2025年に施行される育児・介護休業法の改正は、4月1日と10月1日の二段階に分かれて施行されます。これにより、育児や介護をしながら働きやすい環境を整えるための法改正が段階的に実現されます。本記事では、それぞれの改正内容と実務対応のポイントを分かりやすく解説します。
改正のポイント
1. 2025年4月1日施行の改正内容
- 子の看護休暇の対象拡大(義務):
- 対象となる子どもの年齢が「小学校就学の始期まで」から「小学校3年生修了まで」に延長。
- 取得可能事由に「感染症による学級閉鎖」「入園式・卒園式への参加」を追加。
- 残業免除の対象拡大(義務):
- これまで3歳未満の子どもの養育者に限定されていた残業免除が、「小学校就学前の子ども」を養育する労働者に拡大。
- これにより、4月からは小学校に入るまでのお子さんがいる従業員は、時間外残業や深夜労働の免除、更に所定外残業の免除を請求できるようになります。
- 育児のためのテレワーク(努力義務):
- 3歳未満の子どもを養育する労働者に、テレワークを選択できるようにする措置が努力義務化。

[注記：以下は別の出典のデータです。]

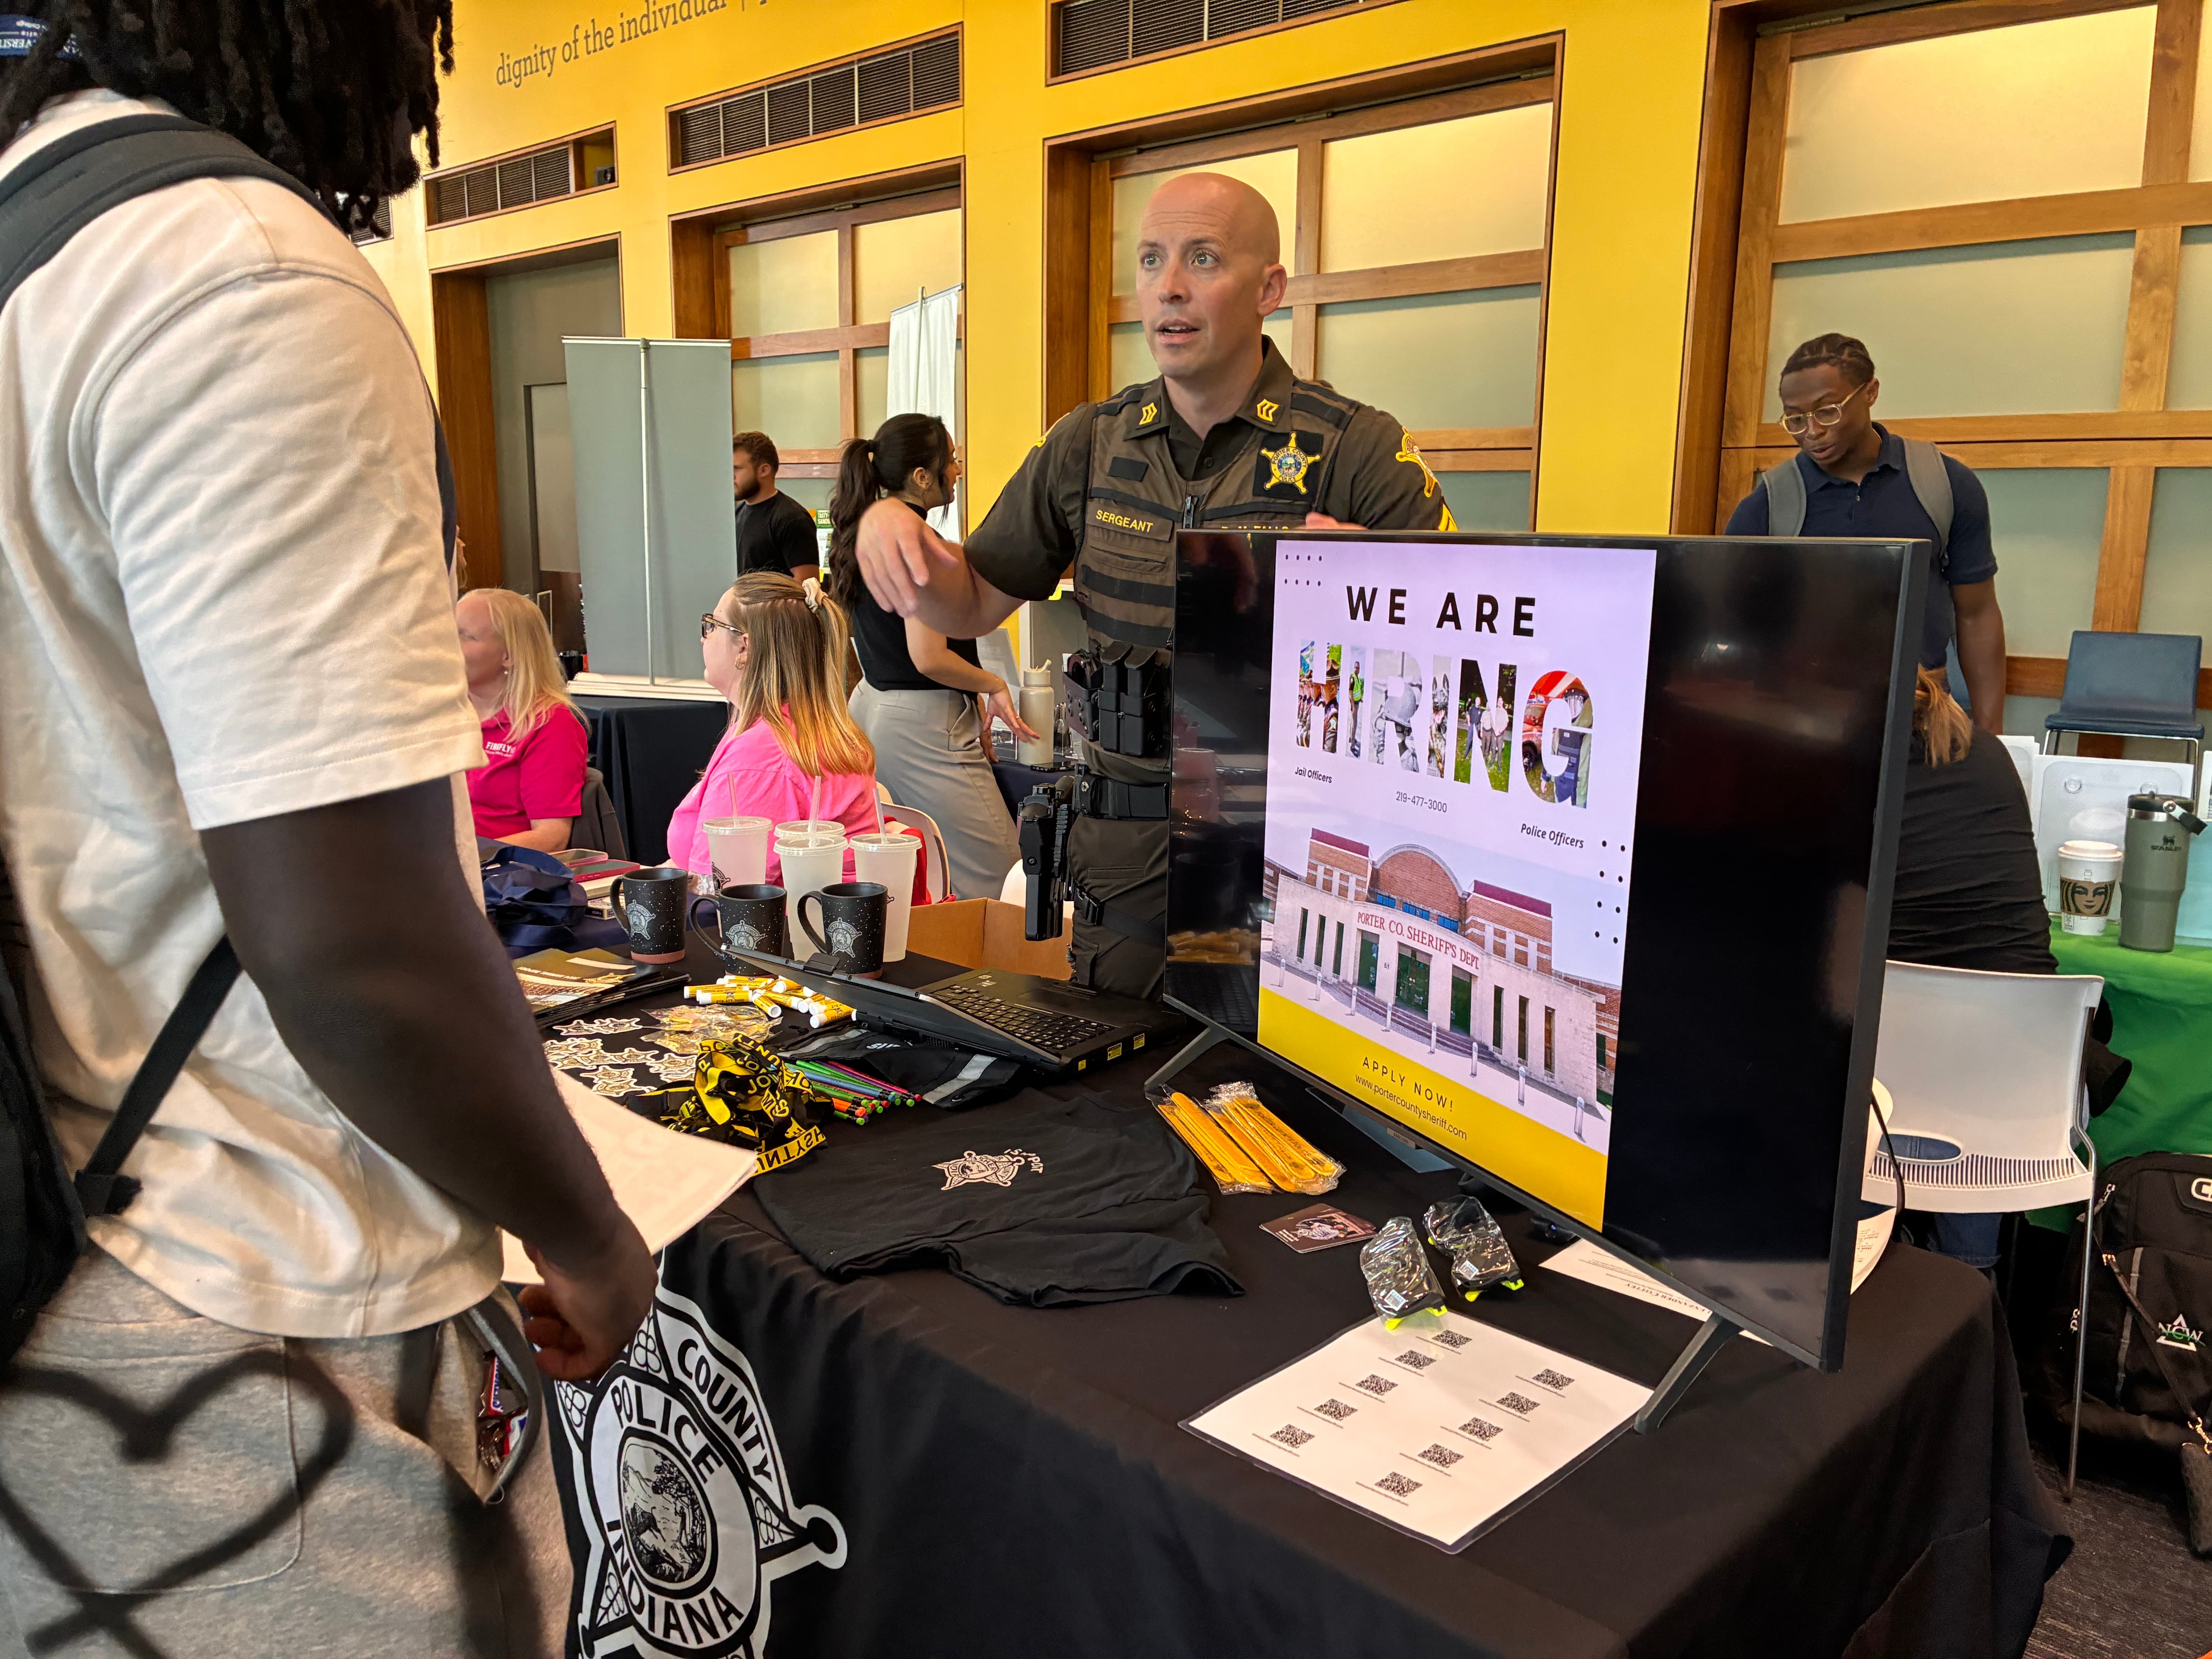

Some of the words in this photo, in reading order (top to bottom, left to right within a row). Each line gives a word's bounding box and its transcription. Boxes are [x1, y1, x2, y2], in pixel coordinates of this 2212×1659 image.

[496, 44, 557, 88] dignity
[561, 25, 580, 62] of
[584, 18, 615, 55] the
[1272, 447, 1290, 465] PORTER
[1292, 449, 1307, 468] COUNTY
[1096, 510, 1154, 533] SERGEANT
[1346, 585, 1407, 625] WE
[1436, 591, 1536, 637] ARE
[1296, 639, 1594, 810] HIRING
[1295, 766, 1305, 777] Jail
[1307, 769, 1333, 783] Officers
[1396, 790, 1447, 813] 219-477-3000
[1520, 823, 1547, 840] Police
[1548, 829, 1584, 849] Officers
[1357, 912, 1385, 930] PORTER
[1389, 920, 1404, 937] CO.
[1407, 926, 1457, 958] SHERIFF'S
[1355, 1074, 1468, 1141] www.portercountysheriff.com
[1362, 1056, 1406, 1086] APPLY
[1414, 1082, 1453, 1113] NOW!
[2158, 1322, 2203, 1342] NCW
[611, 1377, 723, 1485] POLICE
[677, 1338, 776, 1483] COUNTY
[606, 1519, 744, 1644] INDIANA

- こちらは短時間勤務制度の代替措置として既にあった「始業終業の変更」や「子の看護休暇」の制度に追加されました。
2. 2025年10月1日施行の改正内容
- 柔軟な働き方を実現するための措置(義務):
- 3歳から小学校就学前の子どもを養育する労働者が対象。
- 事業主は以下の中から2つ以上の措置を講じる義務があります:
- 始業時刻の変更(時差出勤やフレックスタイム制の導入)。
- 月10日以上のテレワーク。
- 保育施設の設置や運営。
- 年10日以上の「養育両立支援休暇」の付与。
- 短時間勤務制度(6時間勤務の選択など)。
- 労働者は講じられた措置の中から1つを選択して利用可能。
- 個別の周知・意向確認(義務):
- 子が3歳になる前の適切な時期に、制度内容を周知し、労働者の意向を確認する義務が事業主に課されます。

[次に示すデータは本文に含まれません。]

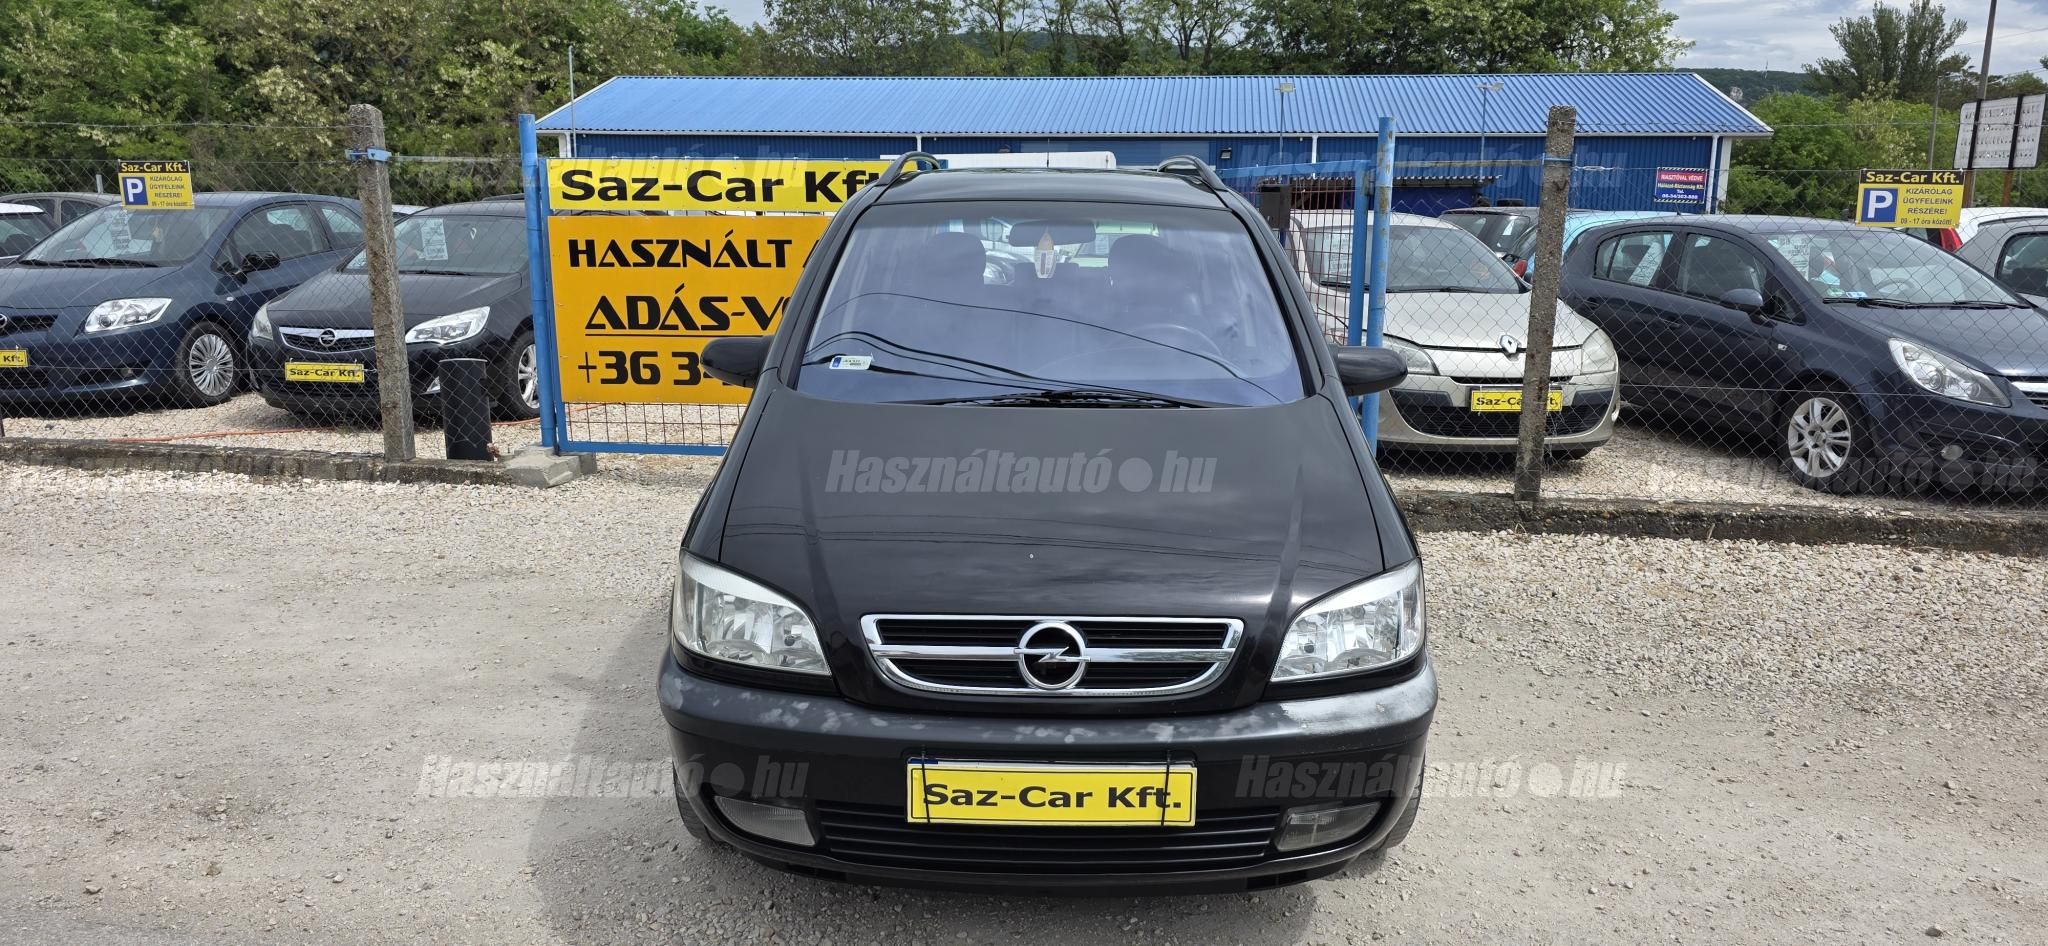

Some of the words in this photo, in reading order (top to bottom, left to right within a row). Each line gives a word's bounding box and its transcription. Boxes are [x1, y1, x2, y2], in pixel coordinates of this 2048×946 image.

改正ポイントの【Before/After】については、厚生労働省のサイトに分かりやすい解説が掲載されていますので、併せて参考にしてみて下さい。
■育児・介護休業法 改正のポイント(厚生労働省)
https://www.mhlw.go.jp/content/11900000/001259367.pdf
実務対応のポイント
1. 就業規則の見直し
法改正内容を反映した就業規則を作成し、改正日までに適用できるように整備します:
2. 従業員への説明と周知
改正内容を従業員に理解してもらうため、以下の対応が必要です:
- 説明会や資料の配布で内容をわかりやすく伝える。
- 個別の周知・意向確認を、面談や書面交付で行う。
3. 労働基準監督署への届け出
就業規則を変更した場合は、労働基準監督署への届け出が必要です。早めに準備を進めましょう。
4. 雇用環境の整備
介護離職や育児期の負担軽減を目的とした環境整備を進めます:
- 介護休業制度の充実: 相談窓口の設置や事例収集の実施。
- テレワークの導入: 対象者に柔軟な働き方を提供。
こちらは育児休業においては既に規定されていたものが、今回の法改正で介護休業にも適用されることになりました。
助成金の活用と専門家のサポート
法改正対応の費用負担を軽減するため、厚生労働省が提供する「両立支援等助成金」を活用できます。また、社会保険労務士などの専門家に相談することで、複雑な手続きもスムーズに進められます。
まとめ
2025年の育児・介護休業法改正は、4月と10月に分けて段階的に施行されます。それぞれの改正に対応するため、改正内容の把握から就業規則の整備、従業員への周知まで、早めに準備を進めることが重要です。疑問があれば専門家に相談し、企業全体で改正に対応できる体制を整えましょう。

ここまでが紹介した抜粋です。